Filing this RFE based on Peter Lenahan's suggestion. The problem he encountered is described here,

https://jaxp.dev.java.net/issues/show_bug.cgi?id=38

and here is his suggestion:

"But I wonder if a better error message scheme could somehow be generated.
XSLT is often hard to debug and without a clue to where the problem happened it
is really impossible. Just a null pointer exception message is a killer.

Perhaps my un-initialized null variables could be initialized with an internal
error message reference, so if the style sheet references one of these
un-initialized variables, an error message string could be displayed instead of
just crashing with a null pointer exception. I realized that this is a lot of
work to add code to all the functions that work on the string variables, but
XSLT is not exactly a friendly language without knowing where your problems are
occurring. It would really help a lot to know where the problems originated.

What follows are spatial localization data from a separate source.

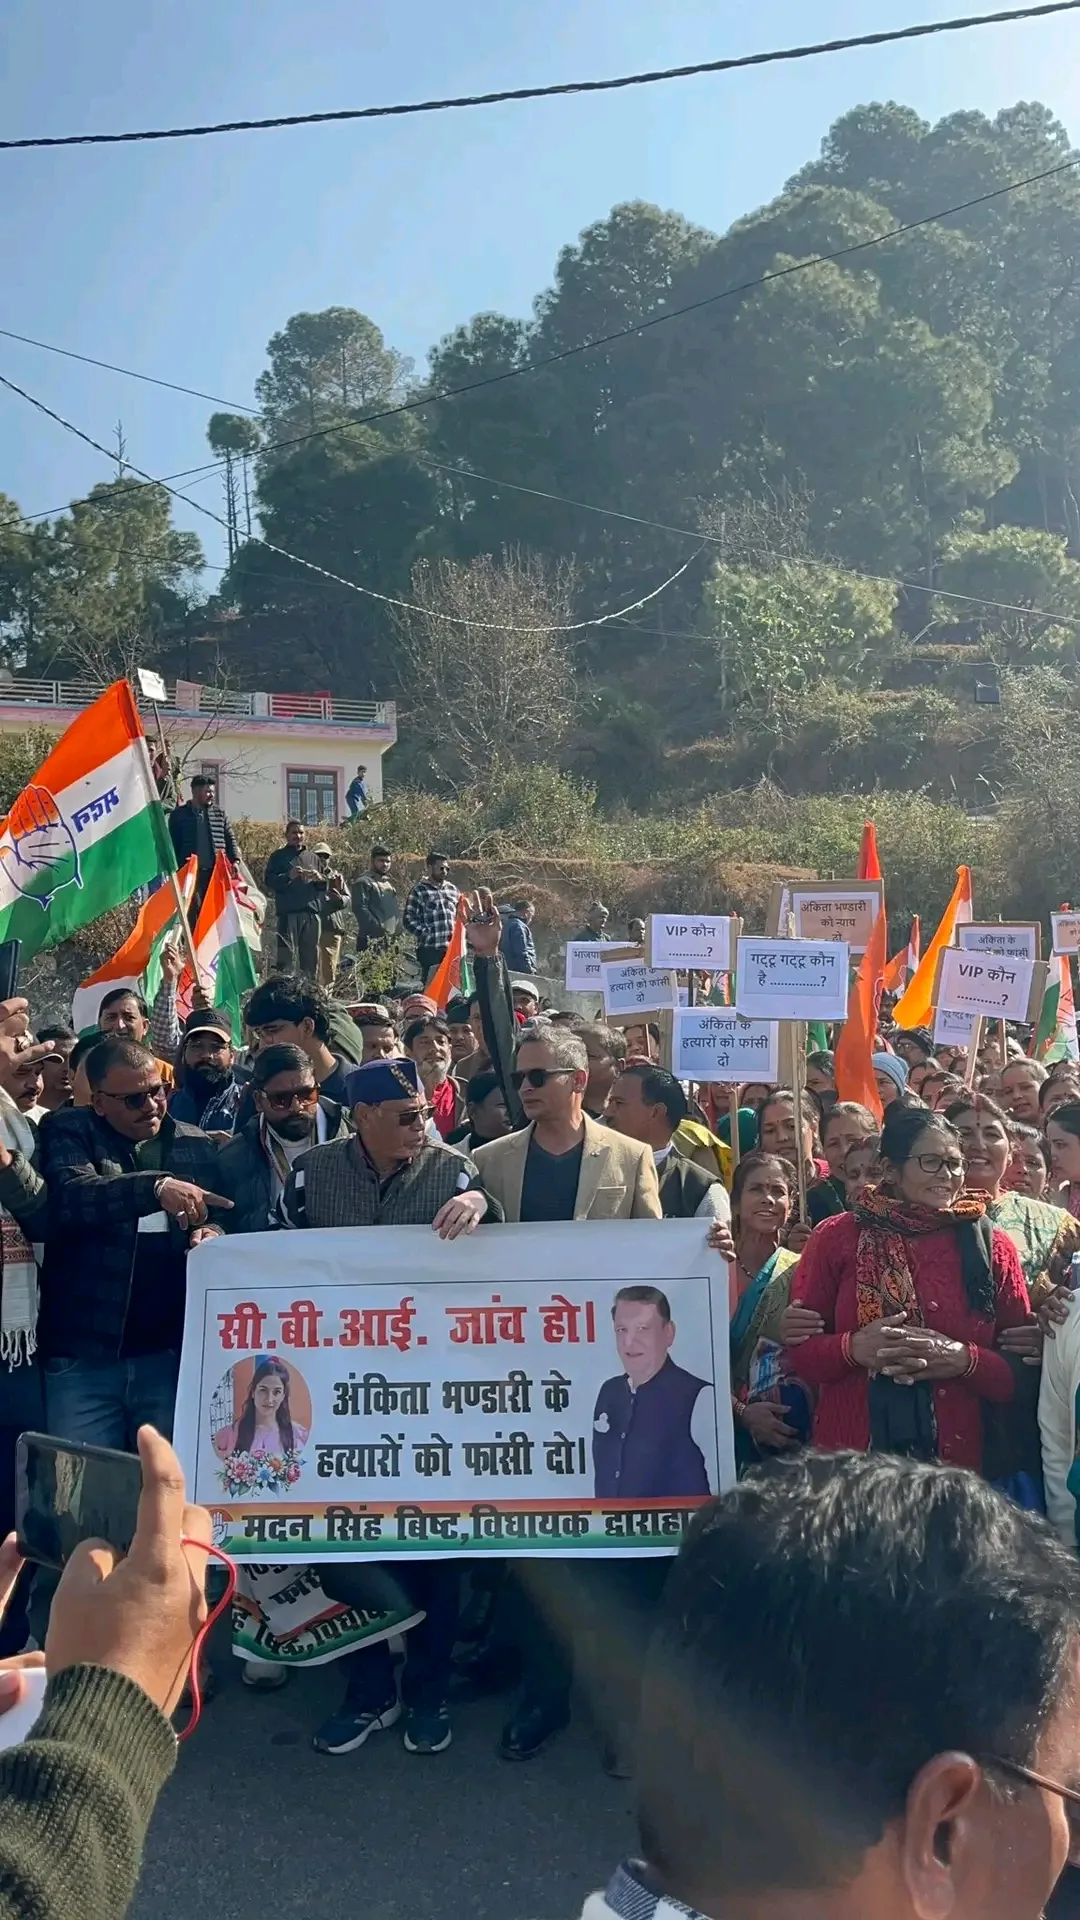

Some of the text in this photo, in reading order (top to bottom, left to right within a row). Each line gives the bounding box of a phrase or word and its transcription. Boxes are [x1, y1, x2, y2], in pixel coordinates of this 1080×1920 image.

[834, 900, 867, 912] भण्डारी
[820, 916, 856, 928] को न्याय
[666, 925, 716, 937] VIP कौन
[810, 951, 835, 967] कौन
[757, 970, 767, 987] है
[958, 964, 1016, 984] VIP कौन
[636, 978, 647, 989] को
[636, 990, 645, 1002] दो
[698, 1017, 737, 1031] अंकिता
[681, 1034, 769, 1050] हत्यारों को फांसी
[717, 1053, 730, 1067] दो
[217, 1295, 595, 1352] सी.बी.आई. जांच हो।
[332, 1370, 572, 1416] अंकिता भण्डारी के
[315, 1432, 585, 1479] हत्यारों को फांसी दो।
[241, 1515, 314, 1542] मदन
[324, 1505, 384, 1542] सिंह
[602, 1508, 696, 1538] द्वाराहा

This may not be a perfect solution and perhaps the feature should also only be
available when the setAttribute("debug",new Boolean(true)) is turned on.

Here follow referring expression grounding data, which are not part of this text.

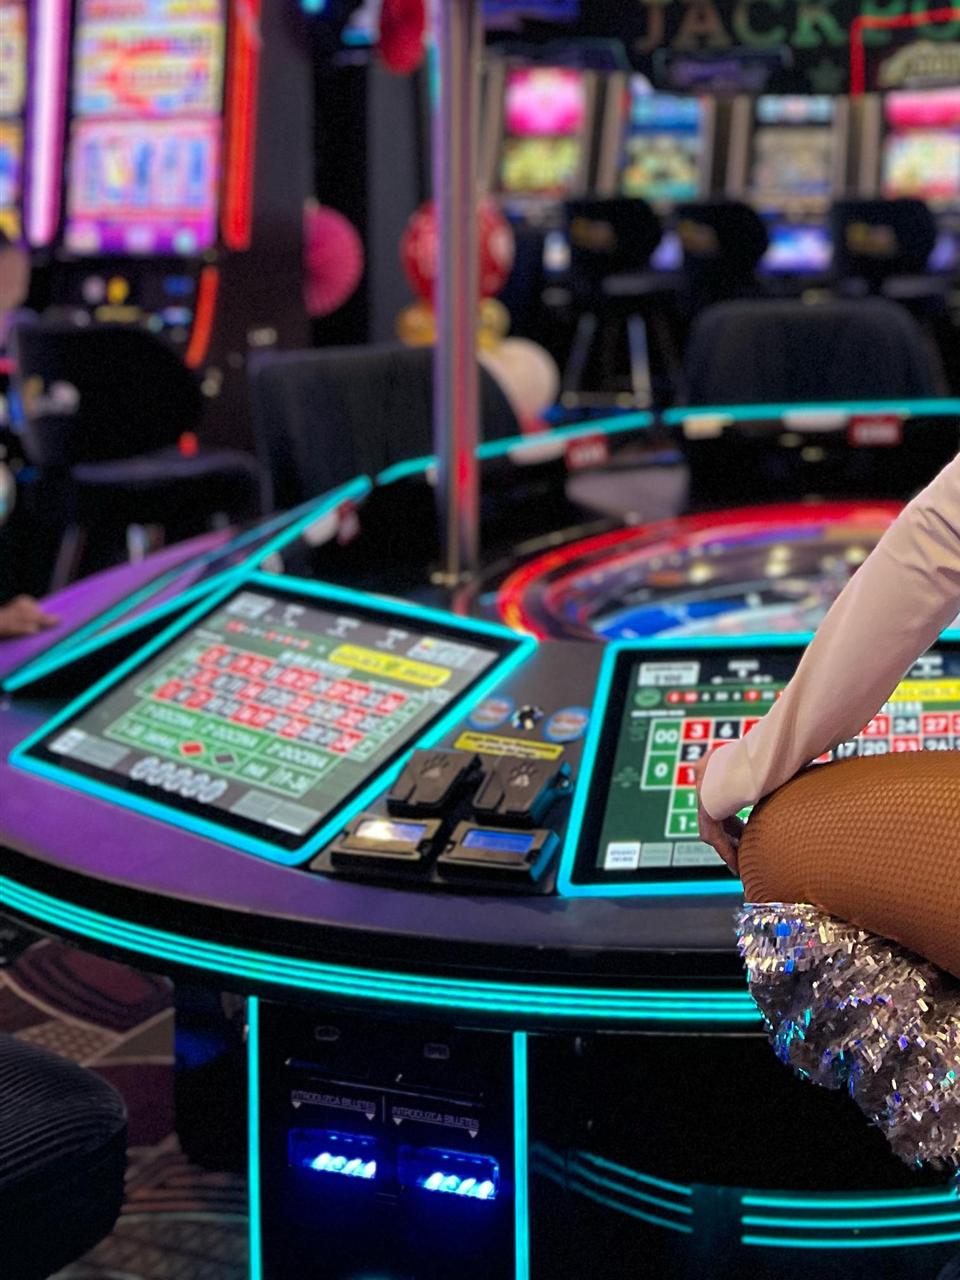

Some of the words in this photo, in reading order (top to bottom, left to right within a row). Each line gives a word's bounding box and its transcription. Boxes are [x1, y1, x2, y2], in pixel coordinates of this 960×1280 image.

[654, 729, 679, 744] 00
[690, 723, 704, 738] 3
[719, 723, 733, 737] 6
[686, 746, 701, 760] 2
[654, 763, 668, 778] 0

On the page: http://www.unicode.org/charts/PDF/UE000.pdf it defines private use
UNICODE characters.

Consider this possible feature.

if (factory.getAttribute("debug"))

{ // // When you declare a variable initialize the variable // with a special character and reference to the // filename, line number // and character offset of the declaring variable. // Clearly this would need to be checked in hundreds of places // for the special first character. // char [] hidden=new char[1]; hidden[0]=0xE000; // This is a special use UNICODE Character. String special=hidden.toString()+ filenameReference+ linenumberReference+ characterOffsetReference; }

Then when using the string if this value was set, it would tell the
internal function that it was incorrect and where the problem
originated.

My problem was in a 6000 line style sheet which made the problem a little
difficult to find and understand."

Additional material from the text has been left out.